[salt effect, energy, c02 soaking up water, dryout somewhere]

Monday, December 2, 2002. Posted: 14:35:11 (AEDT)

British inventor to develop rainmaking machine: report


A professor at Scotland's Edinburgh University has been awarded a Government grant to develop the world's first rainmaking machine, The Times reported on Monday.

Professor Stephen Salter will create a 60-metre high turbine to suck water out of the sea and turn it into water vapour through nozzles, spraying it out into the atmosphere, the daily paper said.

The rainmaker, described as looking like a "giant eggbeater", would be based on catamarans and placed off the coast of desert land.

They would have to be used in places which are not totally dry, or the artificial clouds would never reach critical mass, the paper said.

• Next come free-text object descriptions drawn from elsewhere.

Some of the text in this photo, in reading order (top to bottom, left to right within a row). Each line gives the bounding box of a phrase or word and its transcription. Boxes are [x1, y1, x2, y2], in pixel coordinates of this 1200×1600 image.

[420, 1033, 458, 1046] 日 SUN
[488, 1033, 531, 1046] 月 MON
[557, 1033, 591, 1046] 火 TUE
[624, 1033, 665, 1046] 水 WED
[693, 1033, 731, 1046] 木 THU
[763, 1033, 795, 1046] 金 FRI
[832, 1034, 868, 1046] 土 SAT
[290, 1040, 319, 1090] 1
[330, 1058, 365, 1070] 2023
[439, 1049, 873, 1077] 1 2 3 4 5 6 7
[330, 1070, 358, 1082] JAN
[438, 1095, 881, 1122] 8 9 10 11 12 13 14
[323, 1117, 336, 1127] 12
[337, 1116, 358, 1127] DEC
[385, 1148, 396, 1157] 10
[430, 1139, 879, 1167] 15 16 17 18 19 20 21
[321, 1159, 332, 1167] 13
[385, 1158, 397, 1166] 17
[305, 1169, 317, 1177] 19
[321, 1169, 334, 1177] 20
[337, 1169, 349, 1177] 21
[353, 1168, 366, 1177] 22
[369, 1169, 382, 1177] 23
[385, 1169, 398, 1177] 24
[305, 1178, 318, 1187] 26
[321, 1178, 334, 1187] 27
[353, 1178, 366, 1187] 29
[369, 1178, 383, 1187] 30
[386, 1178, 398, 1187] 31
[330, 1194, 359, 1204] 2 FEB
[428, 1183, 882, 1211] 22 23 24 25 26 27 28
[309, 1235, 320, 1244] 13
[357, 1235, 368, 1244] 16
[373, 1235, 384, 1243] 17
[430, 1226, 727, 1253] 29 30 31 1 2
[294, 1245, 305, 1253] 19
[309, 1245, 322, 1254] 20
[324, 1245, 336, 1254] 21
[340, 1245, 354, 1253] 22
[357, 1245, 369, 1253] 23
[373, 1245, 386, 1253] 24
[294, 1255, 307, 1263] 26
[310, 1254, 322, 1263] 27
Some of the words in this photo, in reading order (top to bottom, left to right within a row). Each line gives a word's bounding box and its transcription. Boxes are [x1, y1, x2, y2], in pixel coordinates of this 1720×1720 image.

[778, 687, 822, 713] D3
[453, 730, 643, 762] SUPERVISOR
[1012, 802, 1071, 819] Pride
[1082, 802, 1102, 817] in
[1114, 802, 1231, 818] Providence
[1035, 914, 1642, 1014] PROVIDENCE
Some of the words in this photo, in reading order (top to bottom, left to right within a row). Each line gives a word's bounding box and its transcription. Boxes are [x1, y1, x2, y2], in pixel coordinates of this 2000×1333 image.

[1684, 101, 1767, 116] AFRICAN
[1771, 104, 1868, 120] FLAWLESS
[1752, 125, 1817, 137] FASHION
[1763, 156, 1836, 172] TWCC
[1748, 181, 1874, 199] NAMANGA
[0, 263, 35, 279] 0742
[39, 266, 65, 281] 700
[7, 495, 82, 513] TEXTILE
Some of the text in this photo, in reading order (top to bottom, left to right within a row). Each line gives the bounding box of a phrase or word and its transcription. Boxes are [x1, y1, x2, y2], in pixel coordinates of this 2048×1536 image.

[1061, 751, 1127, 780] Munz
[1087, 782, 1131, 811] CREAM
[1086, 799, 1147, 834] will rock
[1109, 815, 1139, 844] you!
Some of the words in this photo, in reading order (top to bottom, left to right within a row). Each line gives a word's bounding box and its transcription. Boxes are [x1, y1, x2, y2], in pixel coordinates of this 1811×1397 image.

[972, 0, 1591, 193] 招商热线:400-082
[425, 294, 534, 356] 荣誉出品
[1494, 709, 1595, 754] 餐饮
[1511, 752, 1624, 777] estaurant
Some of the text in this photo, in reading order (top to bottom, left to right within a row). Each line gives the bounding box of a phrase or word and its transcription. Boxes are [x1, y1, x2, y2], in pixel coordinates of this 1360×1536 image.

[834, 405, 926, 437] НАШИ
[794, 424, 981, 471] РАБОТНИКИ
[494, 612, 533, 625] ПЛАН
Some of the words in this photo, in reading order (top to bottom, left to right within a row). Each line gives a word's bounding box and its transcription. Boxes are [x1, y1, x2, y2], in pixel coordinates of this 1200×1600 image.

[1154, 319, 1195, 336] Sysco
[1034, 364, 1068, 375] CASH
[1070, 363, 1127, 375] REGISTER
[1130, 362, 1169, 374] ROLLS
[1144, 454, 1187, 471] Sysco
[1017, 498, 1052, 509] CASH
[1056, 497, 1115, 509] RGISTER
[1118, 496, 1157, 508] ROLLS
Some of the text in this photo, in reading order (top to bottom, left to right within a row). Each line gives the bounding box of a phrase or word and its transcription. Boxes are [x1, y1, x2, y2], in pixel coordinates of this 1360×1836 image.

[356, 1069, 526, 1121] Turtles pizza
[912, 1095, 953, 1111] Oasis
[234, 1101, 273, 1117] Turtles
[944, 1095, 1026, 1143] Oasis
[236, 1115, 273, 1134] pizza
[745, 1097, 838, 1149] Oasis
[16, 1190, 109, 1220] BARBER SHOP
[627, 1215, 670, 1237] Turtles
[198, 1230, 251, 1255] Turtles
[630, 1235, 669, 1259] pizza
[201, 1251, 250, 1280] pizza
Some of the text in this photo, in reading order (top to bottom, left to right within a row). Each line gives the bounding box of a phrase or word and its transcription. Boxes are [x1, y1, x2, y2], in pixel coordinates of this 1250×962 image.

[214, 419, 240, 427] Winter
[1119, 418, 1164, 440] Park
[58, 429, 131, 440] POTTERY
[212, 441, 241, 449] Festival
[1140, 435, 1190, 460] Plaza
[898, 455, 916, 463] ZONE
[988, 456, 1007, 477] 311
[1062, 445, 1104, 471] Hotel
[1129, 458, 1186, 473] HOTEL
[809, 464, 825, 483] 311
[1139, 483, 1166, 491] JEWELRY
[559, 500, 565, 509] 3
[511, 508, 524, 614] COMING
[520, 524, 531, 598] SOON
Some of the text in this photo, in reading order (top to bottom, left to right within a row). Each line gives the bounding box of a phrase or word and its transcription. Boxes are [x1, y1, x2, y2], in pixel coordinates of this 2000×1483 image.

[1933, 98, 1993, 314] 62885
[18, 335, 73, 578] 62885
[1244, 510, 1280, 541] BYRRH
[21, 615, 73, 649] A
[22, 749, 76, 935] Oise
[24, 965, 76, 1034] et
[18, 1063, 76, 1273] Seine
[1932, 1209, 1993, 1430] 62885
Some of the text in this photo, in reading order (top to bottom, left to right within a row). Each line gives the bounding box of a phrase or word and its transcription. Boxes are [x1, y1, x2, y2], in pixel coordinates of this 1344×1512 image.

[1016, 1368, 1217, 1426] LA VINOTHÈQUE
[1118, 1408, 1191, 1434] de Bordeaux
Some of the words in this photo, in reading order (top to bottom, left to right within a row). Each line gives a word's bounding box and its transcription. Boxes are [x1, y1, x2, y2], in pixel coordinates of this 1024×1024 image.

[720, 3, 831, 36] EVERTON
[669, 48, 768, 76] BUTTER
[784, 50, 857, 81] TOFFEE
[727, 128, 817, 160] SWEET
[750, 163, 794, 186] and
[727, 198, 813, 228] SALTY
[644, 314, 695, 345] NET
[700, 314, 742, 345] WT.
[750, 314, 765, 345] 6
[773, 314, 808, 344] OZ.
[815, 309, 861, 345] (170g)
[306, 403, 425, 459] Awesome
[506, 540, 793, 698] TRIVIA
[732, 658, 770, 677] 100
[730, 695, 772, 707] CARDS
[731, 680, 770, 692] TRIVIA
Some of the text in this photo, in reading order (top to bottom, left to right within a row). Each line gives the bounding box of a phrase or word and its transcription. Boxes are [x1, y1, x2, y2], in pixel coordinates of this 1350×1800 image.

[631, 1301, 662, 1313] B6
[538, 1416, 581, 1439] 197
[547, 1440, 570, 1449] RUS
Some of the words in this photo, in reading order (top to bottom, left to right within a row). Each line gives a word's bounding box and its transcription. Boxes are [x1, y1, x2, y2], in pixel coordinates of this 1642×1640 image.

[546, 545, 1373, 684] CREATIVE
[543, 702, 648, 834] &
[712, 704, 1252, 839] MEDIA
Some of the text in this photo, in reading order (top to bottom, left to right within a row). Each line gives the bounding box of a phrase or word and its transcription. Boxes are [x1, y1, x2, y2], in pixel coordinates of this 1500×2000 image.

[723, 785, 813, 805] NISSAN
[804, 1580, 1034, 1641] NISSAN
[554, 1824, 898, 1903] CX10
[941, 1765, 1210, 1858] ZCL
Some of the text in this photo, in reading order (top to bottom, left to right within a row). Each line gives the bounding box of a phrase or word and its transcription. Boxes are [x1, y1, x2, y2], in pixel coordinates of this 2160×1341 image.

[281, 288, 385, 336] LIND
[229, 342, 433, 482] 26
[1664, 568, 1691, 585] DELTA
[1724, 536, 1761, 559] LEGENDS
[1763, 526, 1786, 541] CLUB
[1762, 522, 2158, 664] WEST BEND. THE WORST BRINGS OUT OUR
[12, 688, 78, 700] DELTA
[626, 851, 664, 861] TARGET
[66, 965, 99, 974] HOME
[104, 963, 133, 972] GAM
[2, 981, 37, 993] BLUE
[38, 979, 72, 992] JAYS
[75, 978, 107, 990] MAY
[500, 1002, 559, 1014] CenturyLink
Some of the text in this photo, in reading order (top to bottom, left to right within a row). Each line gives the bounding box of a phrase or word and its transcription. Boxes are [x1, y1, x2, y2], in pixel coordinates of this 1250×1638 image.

They would be used in areas where there were already some clouds but not enough to produce rain.

The professor even claims his invention could help the Middle East peace process, by easing Israel's dependency on the West Bank for its water supply.

In the face of sceptics Professor Salter, 62, takes a historical approach.

"They said you couldn't make ships out of steel ... they said Marconi's radio waves couldn't be broadcast beyond the horizon, the establishment is almost always wrong".

The British Government is handing him a $US160,000 ($AU285,881) development grant to get his pipe dream off the ground.